Uitdagingen voor de traditie van normgerelateerde tests kwamen met de uitbreiding van criteriumgerelateerde tests in 2009, toen tests werden ontworpen om de impact van de Common Core State Standards (CCSS)Deze criteriumgerelateerde tests bepalen hoe universiteit en carrière klaar zijn voor een student in Engelse taalkunsten en in wiskunde.

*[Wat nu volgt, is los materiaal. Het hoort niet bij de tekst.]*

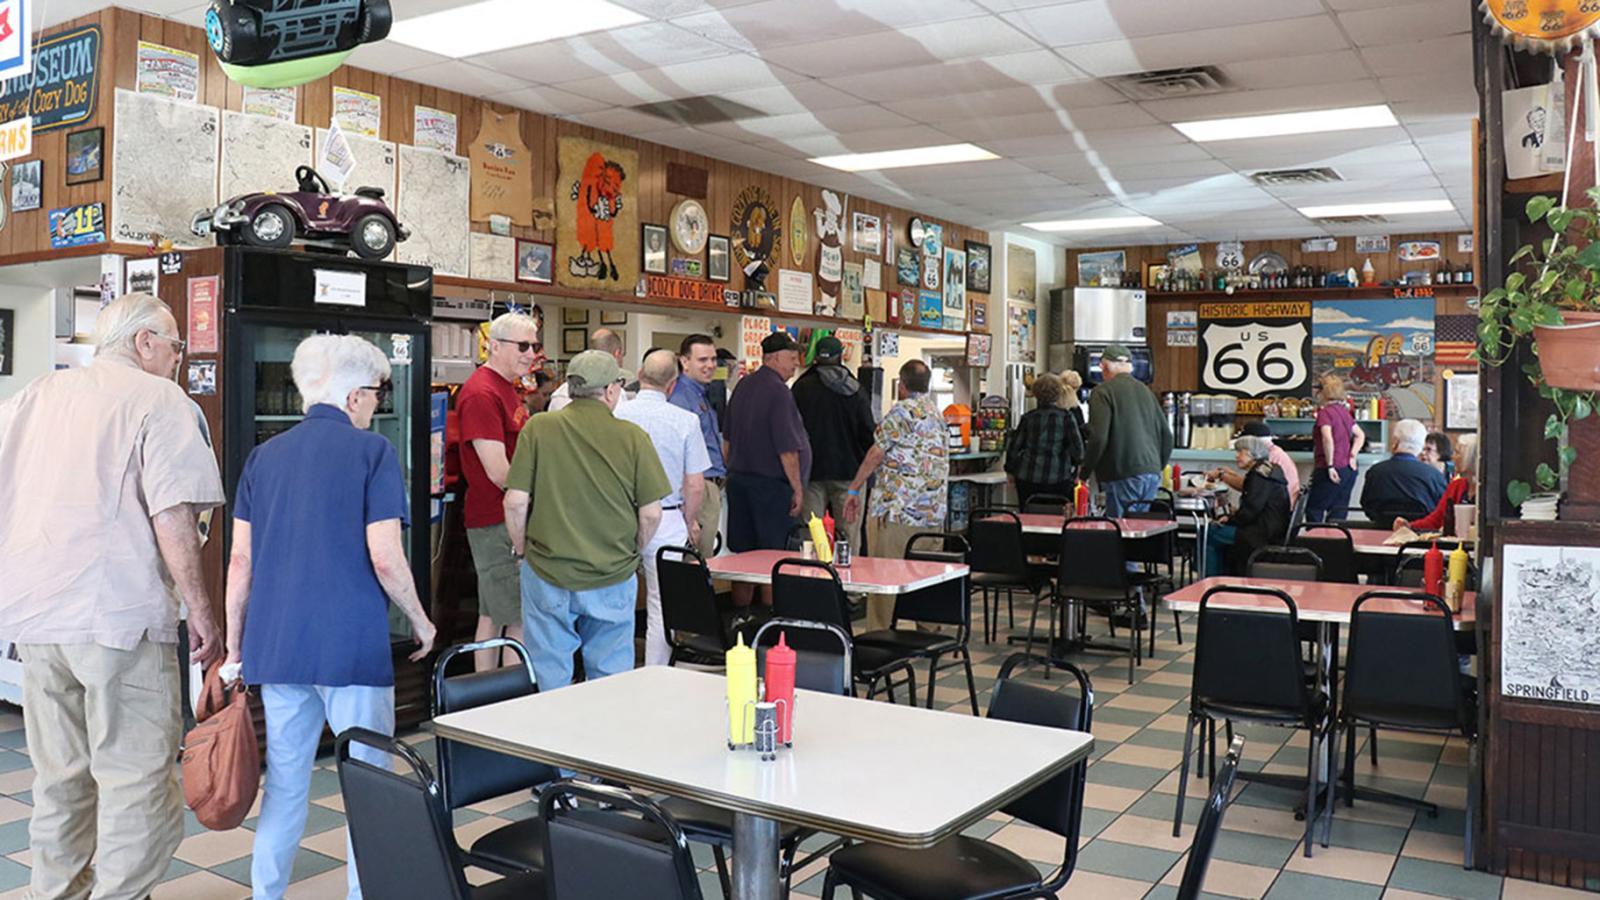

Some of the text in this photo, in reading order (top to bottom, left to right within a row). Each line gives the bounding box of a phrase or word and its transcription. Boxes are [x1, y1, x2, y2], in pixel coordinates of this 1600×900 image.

[1221, 256, 1239, 267] 66
[652, 277, 675, 297] COZY
[679, 280, 697, 300] DOG
[1202, 305, 1306, 316] HISTORIC HIGHWAY
[743, 331, 768, 344] ORDE
[1213, 342, 1294, 385] 66
[1506, 683, 1589, 701] SPRINGFIELD
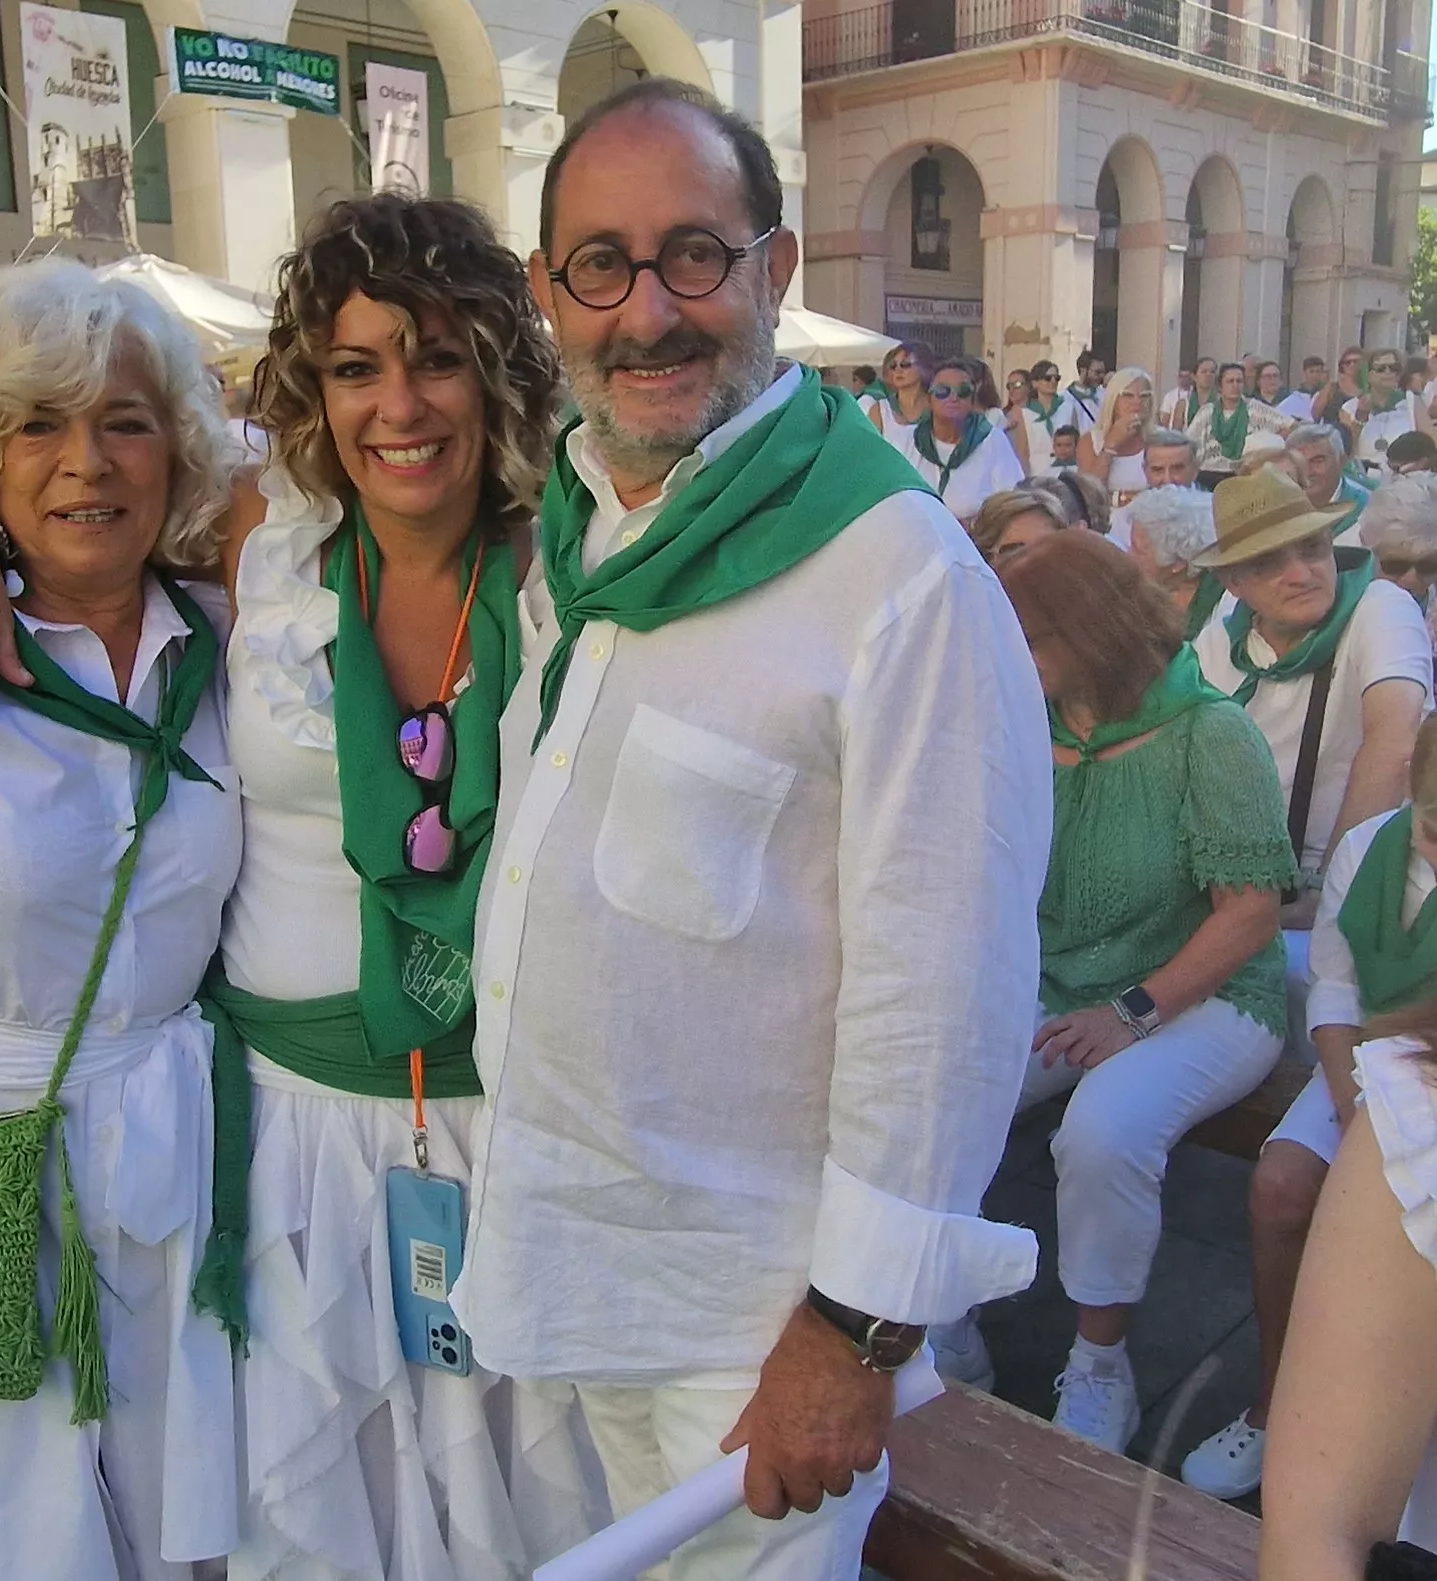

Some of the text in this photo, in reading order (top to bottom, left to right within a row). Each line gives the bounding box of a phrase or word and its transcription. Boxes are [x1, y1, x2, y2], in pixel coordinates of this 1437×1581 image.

[181, 35, 212, 58] YO
[217, 37, 249, 60] NO
[71, 57, 120, 88] HUESCA
[184, 60, 262, 84] ALCOHOL

Hoewel ze aanvankelijk werden omarmd door 48 staten, hebben de twee testconsortiums de resterende staten toegewijd aan het gebruik van hun platforms:
- Het partnerschap voor de beoordeling van de gereedheid voor universiteit en carrière (PARCC) in de volgende staten Colorado, District of Columbia, Illinois, Louisiana, Maryland, Massachusetts, New Jersey, New Mexico, Rhode Island
- Het Smarter Balanced Assessment Consortium (SBAC) De staten die deze SBAC-computer adaptieve testen gebruiken, zijn onder meer: Californië, Connecticut, Delaware, Hawaii, Idaho, Iowa, Michigan, Montana, Nevada, New Hampshire, Noord Carolina, Noord-Dakota, Oregon, zuid Dakota, Amerikaanse Maagdeneilanden, Vermont, Washington, West Virginia
Het College van Bestuur Advanced Placement (AP) examens worden ook criterium genoemd. Deze examens worden door het College van Bestuur gemaakt als examens op universiteitsniveau op specifieke inhoudsgebieden. Een hoge score ("5") op het examen kan studiepunten opleveren.

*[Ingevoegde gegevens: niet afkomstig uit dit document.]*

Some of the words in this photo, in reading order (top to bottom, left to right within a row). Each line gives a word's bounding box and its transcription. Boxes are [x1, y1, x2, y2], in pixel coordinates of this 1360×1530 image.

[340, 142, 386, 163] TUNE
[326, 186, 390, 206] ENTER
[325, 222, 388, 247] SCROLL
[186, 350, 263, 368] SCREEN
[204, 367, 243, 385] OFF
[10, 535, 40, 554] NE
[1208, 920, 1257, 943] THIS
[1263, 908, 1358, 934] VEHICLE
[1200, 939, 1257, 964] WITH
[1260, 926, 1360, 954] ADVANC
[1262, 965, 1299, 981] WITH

Aan het einde van het lentetestseizoen worden de resultaten van al deze tests vervolgens geanalyseerd door verschillende belanghebbenden om de voortgang van studenten, mogelijke curriculumherziening en in sommige staten de leraar te bepalen evaluatie. De analyse van deze tests kan de ontwikkeling van een onderwijsplan van een school voor het volgende schooljaar sturen.
De lente is misschien het seizoen voor testen op de middelbare en middelbare scholen van het land, maar de voorbereiding op een analyse van deze tests is een onderneming van een schooljaar.